On the ‘Road’

I kind of want to start with your imprisonment in Ireland `in 1975`. If you’re uncomfortable talking about it …

No, not at all … Um, well, it was at the start of the Troubles, and I was involved, like most of the youth in my neighborhood and around Belfast, in sort of a faction of the IRA and a political party that was a faction of Sinn Féin, and I was driving a guy across Belfast, he was, at the time, was carrying a gun, and there were four of us in the car, and when you were caught in that situation, everyone `got` collective punishment. And so, I ended up doing three years in Long Kesh, which then became the Maze prison. So, it wasn’t — I didn’t ever feel it was particularly much different from the kind of, the bulk of the people who were involved in the rebellion at that time, or the war. Um, obviously, it kind of defined the stuff that I wrote, initially … With `Jim` Sheridan, we wrote three movies in which I drew heavily on that experience.

Almost right out of the gate, with In the Name of the Father, you got the Oscar nomination. I was wondering: What kind of work rolls in?

Well, you get, we were getting offered all sorts of prison movies and justice movies and this and that … Suddenly you’re the flavor of the month and you get bombarded with ridiculous kind of stuff … I remember going to a nightclub … with Sean Penn, and, like, every felon in the place would come up to me and say they’ve got a story.

With the second nomination, was it any different? Bunch of Rwanda stuff?

Well, lots of Africa stuff. Like, pretty much a lot of the political movies that are out this year. I got offered Kite Runner, and Charlie Wilson’s War. And so, you’re slotted into a category. Which is fine. I mean it’s different, with — after Hotel Rwanda, the directorial thing became a consideration.
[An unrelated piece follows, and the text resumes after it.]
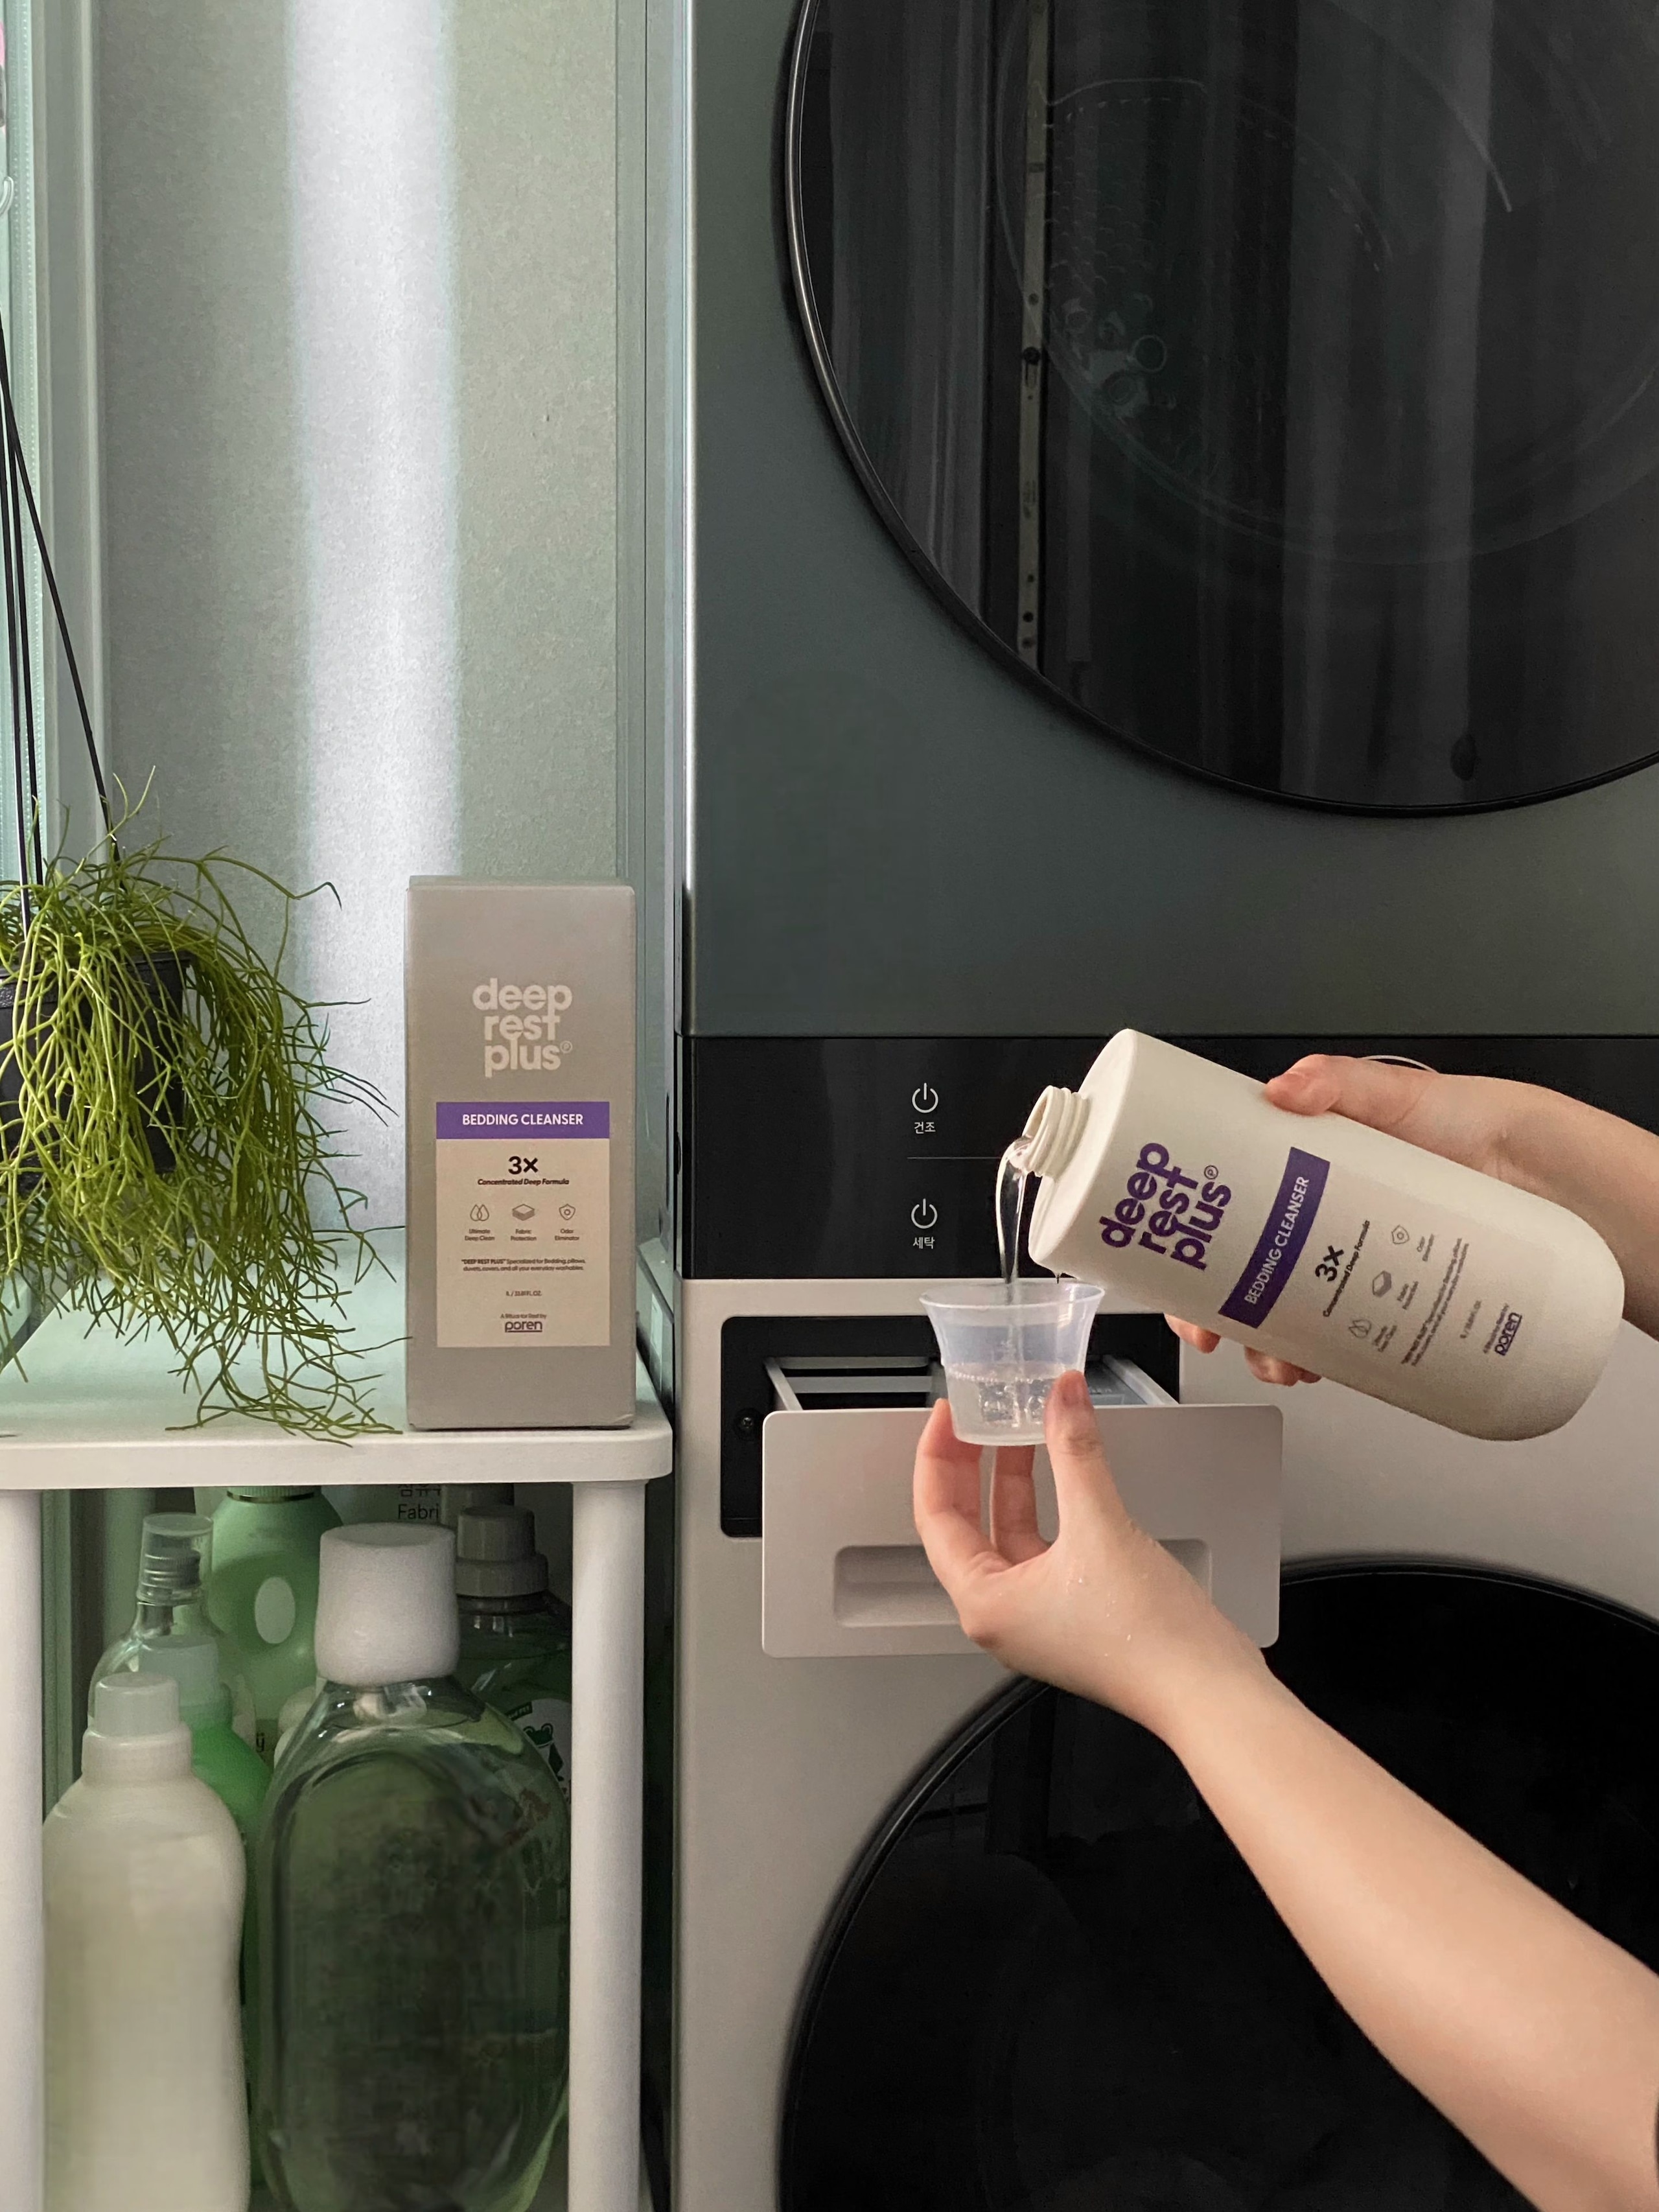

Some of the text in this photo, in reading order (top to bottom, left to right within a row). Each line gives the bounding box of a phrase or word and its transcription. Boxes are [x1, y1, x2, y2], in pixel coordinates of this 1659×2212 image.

Can you imagine what’s going to come your way after `Reservation Road`?

Every suicide movie that was ever `conceived`. But I tend to, now, I pick my own stuff. I try to develop the stuff myself, and not be at the behest of what `they offer`.

You have, first of all, these four extraordinary actors, and they all have to be functioning at this really frayed emotional level the entire time. I wonder: As a director, do you do anything when the cameras aren’t rolling to kind of lighten the mood, or do you try to keep it intense? Or, do you do nothing?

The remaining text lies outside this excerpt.